== Segment start ==

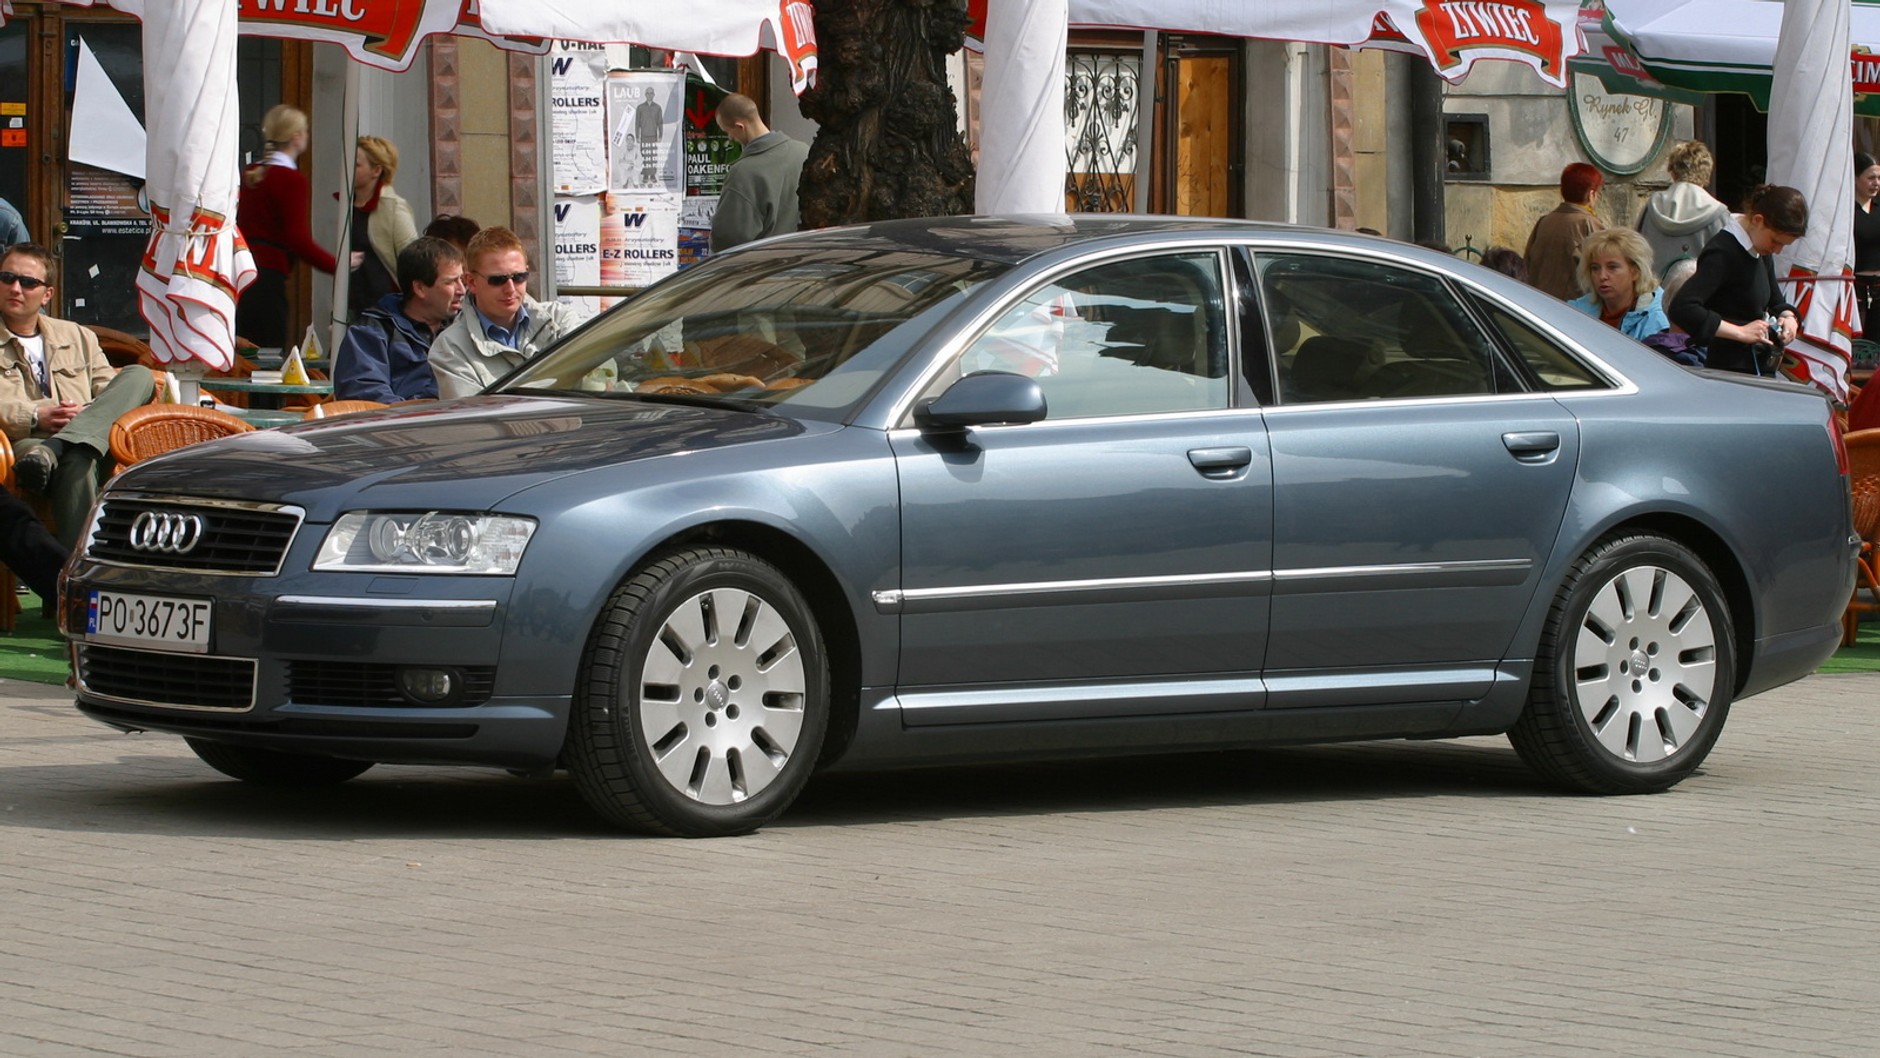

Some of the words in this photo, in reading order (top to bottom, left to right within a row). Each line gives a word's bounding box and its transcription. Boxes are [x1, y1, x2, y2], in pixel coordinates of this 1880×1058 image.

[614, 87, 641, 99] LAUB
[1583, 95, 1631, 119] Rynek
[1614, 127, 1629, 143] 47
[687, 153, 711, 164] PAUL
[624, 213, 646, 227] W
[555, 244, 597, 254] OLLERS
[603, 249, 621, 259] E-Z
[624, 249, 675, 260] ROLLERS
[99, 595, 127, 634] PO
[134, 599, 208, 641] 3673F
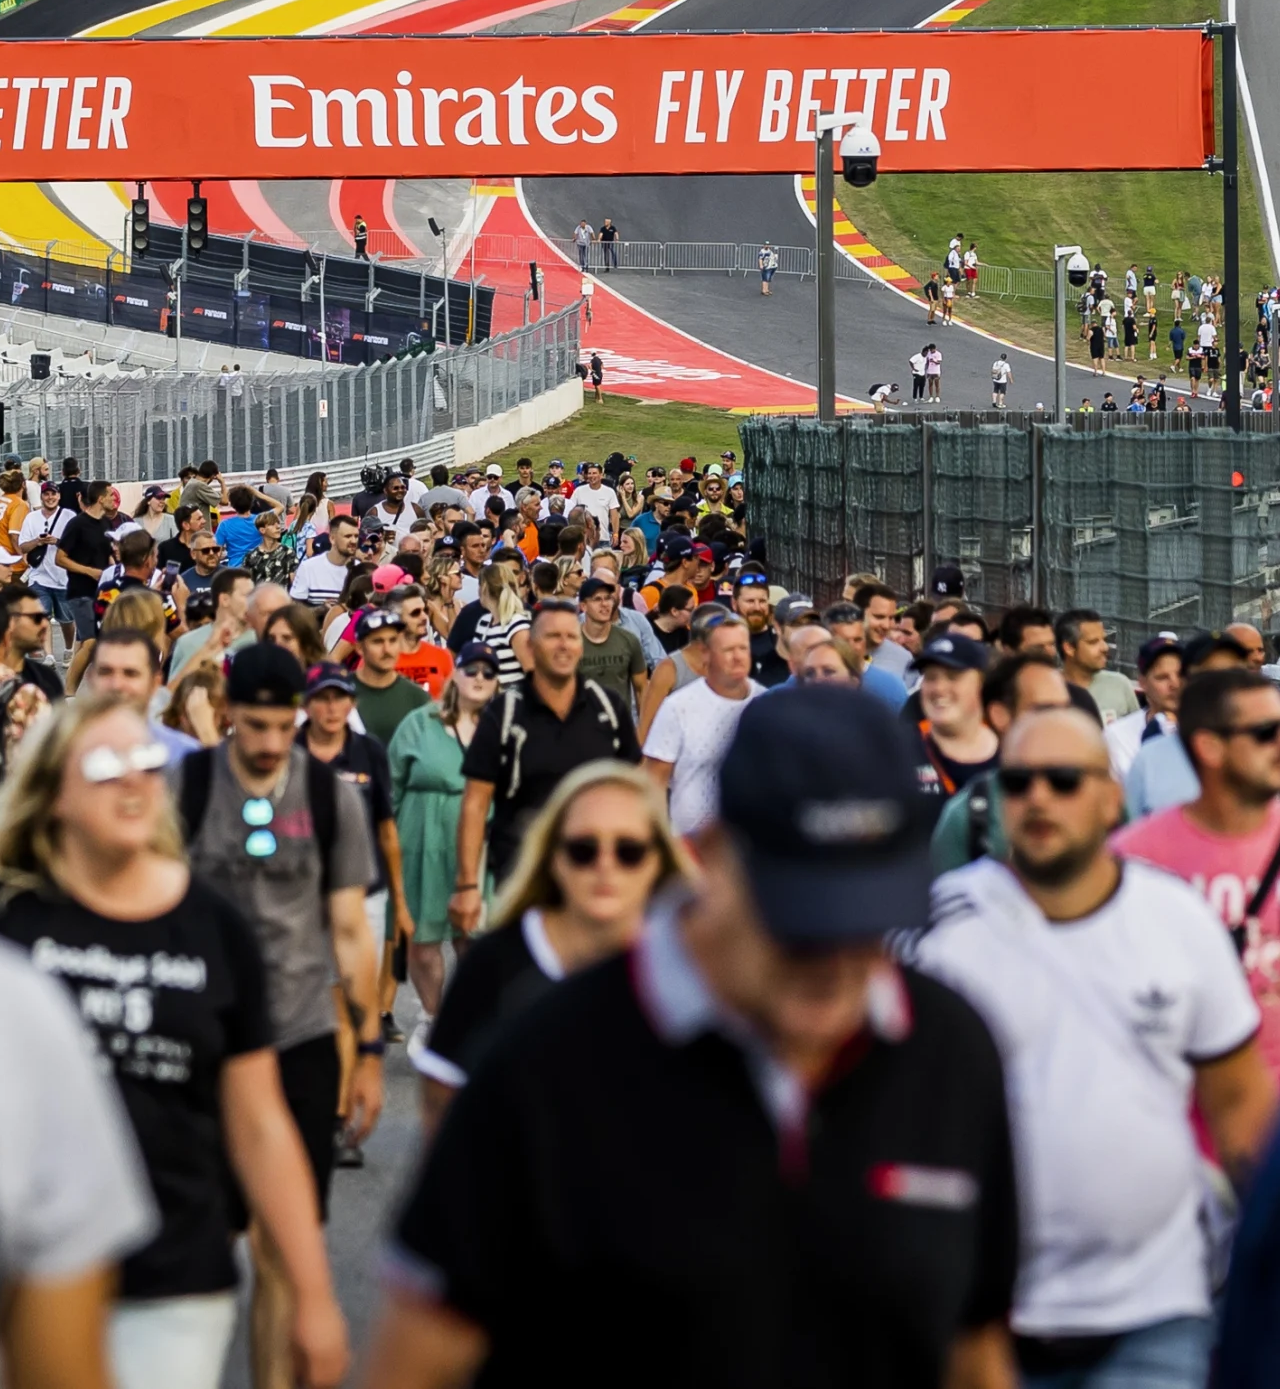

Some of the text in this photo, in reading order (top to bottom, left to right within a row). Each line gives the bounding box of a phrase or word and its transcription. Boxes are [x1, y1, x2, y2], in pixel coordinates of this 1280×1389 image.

== Segment end ==

• _Exercise instructions_:
Retype all entries above verbatim; no pictures belong in the copy.

• _Output_:
Some of the words in this photo, in reading order (top to bottom, left to right within a row). Each line gives a word's bounding box and its transcription. Boxes are [x1, y1, x2, y2], in pixel coordinates of this 1880×1058 image.

[614, 87, 641, 99] LAUB
[1583, 95, 1631, 119] Rynek
[1614, 127, 1629, 143] 47
[687, 153, 711, 164] PAUL
[624, 213, 646, 227] W
[555, 244, 597, 254] OLLERS
[603, 249, 621, 259] E-Z
[624, 249, 675, 260] ROLLERS
[99, 595, 127, 634] PO
[134, 599, 208, 641] 3673F

Some of the text in this photo, in reading order (top to bottom, left to right within a row). Each line gives the bounding box of a phrase or word and its transcription. Boxes are [x1, y1, x2, y2], in pixel coordinates of this 1280×1389 image.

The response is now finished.